*** Opening Available data ***

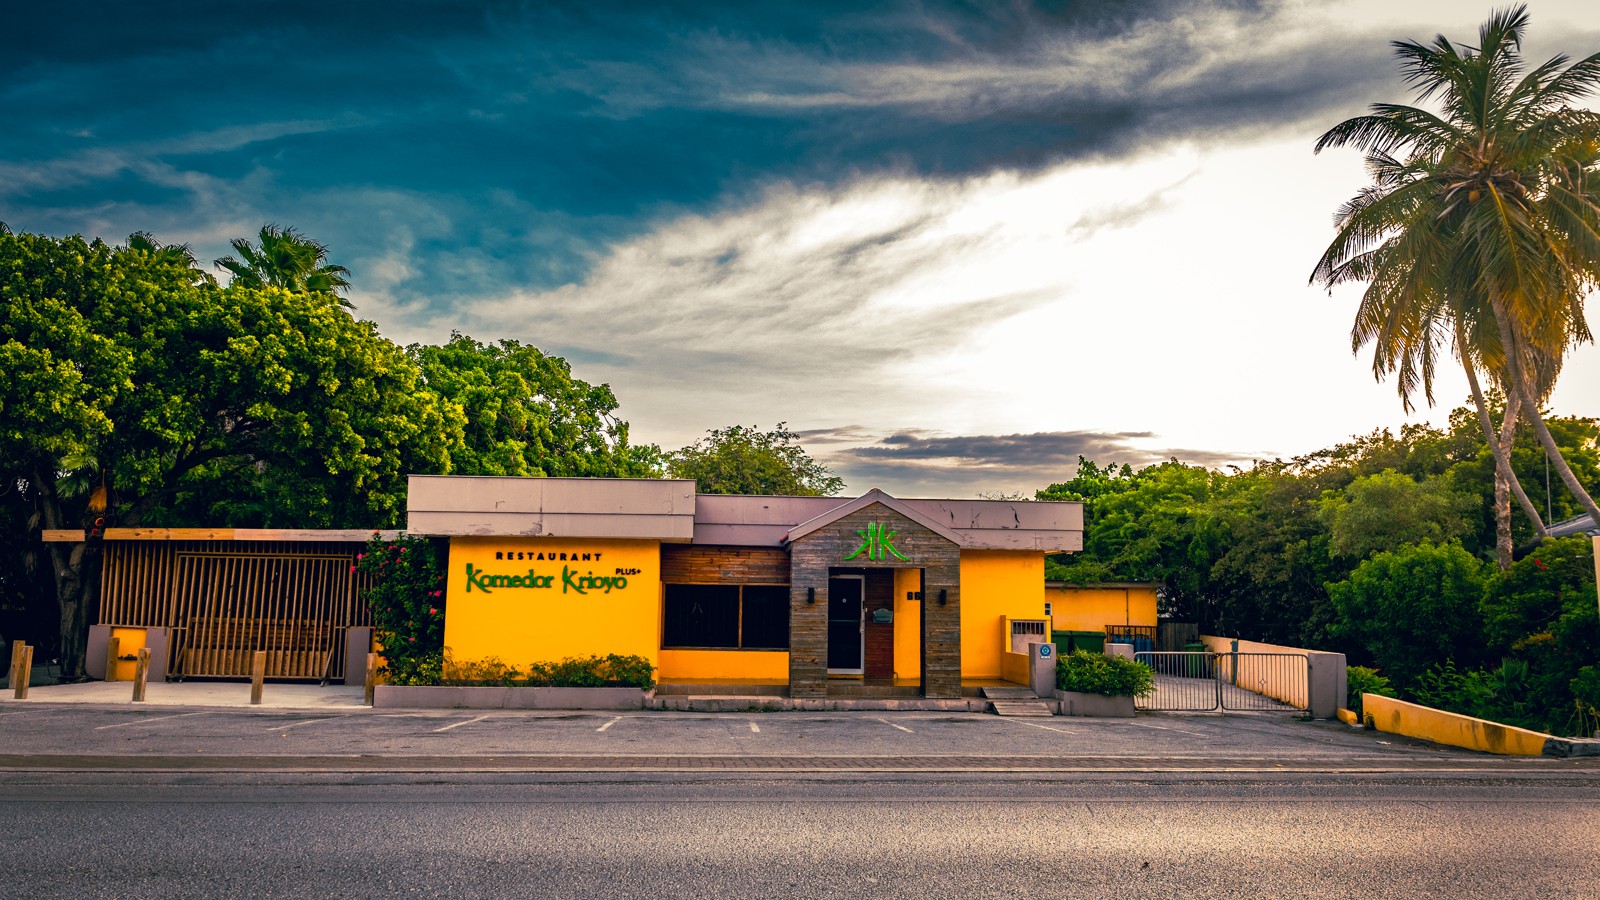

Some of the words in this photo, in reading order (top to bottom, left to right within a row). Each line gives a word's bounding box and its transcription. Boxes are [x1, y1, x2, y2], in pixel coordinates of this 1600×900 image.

[495, 552, 602, 561] RESTAURANT
[466, 563, 555, 594] Komedor
[562, 565, 627, 595] Krioyo
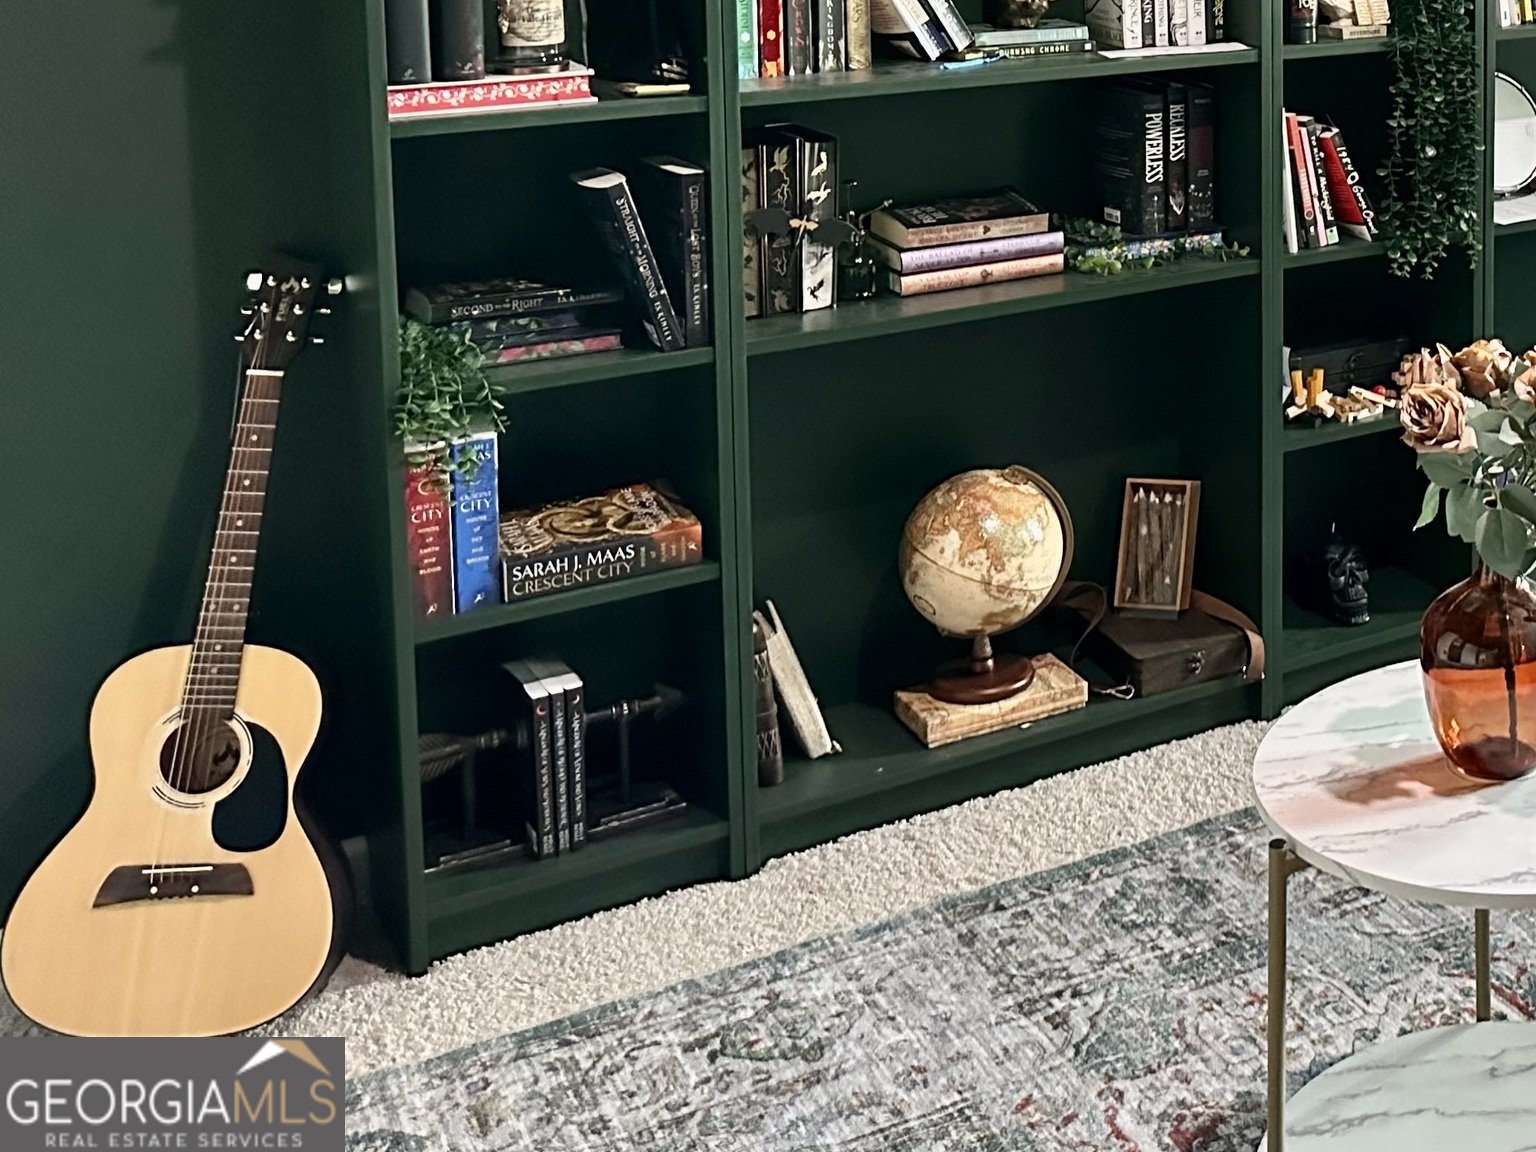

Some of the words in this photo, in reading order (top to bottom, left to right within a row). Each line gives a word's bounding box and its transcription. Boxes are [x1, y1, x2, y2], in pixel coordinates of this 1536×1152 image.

[1039, 44, 1070, 54] CHROME
[1170, 104, 1186, 162] RECKLESS
[1310, 135, 1317, 145] TO
[1146, 112, 1164, 184] POWERLESS
[1312, 146, 1321, 166] KILL
[1336, 146, 1354, 172] 1984
[688, 184, 700, 213] QUEEN
[1352, 185, 1367, 210] George
[616, 197, 640, 243] STRAIGHT
[636, 253, 658, 298] MORNING
[690, 227, 701, 250] LOST
[450, 303, 494, 317] SECOND
[511, 297, 544, 312] RIGHT
[411, 510, 444, 524] CITY
[460, 499, 492, 513] CITY
[419, 566, 442, 576] BLOOD
[512, 558, 568, 582] SARAH
[574, 556, 582, 570] J.
[586, 544, 636, 567] MAAS
[512, 572, 591, 597] CRESCENT
[598, 562, 634, 580] CITY

*** Closing Available data ***

## What is needed
When you repeat the material, keep every word exact and drop the pictures.

## Task result
Some of the words in this photo, in reading order (top to bottom, left to right within a row). Each line gives a word's bounding box and its transcription. Boxes are [x1, y1, x2, y2], in pixel coordinates of this 1600×900 image.

[495, 552, 602, 561] RESTAURANT
[466, 563, 555, 594] Komedor
[562, 565, 627, 595] Krioyo

Some of the words in this photo, in reading order (top to bottom, left to right within a row). Each line gives a word's bounding box and its transcription. Boxes are [x1, y1, x2, y2], in pixel coordinates of this 1536×1152 image.

[1039, 44, 1070, 54] CHROME
[1170, 104, 1186, 162] RECKLESS
[1310, 135, 1317, 145] TO
[1146, 112, 1164, 184] POWERLESS
[1312, 146, 1321, 166] KILL
[1336, 146, 1354, 172] 1984
[688, 184, 700, 213] QUEEN
[1352, 185, 1367, 210] George
[616, 197, 640, 243] STRAIGHT
[636, 253, 658, 298] MORNING
[690, 227, 701, 250] LOST
[450, 303, 494, 317] SECOND
[511, 297, 544, 312] RIGHT
[411, 510, 444, 524] CITY
[460, 499, 492, 513] CITY
[419, 566, 442, 576] BLOOD
[512, 558, 568, 582] SARAH
[574, 556, 582, 570] J.
[586, 544, 636, 567] MAAS
[512, 572, 591, 597] CRESCENT
[598, 562, 634, 580] CITY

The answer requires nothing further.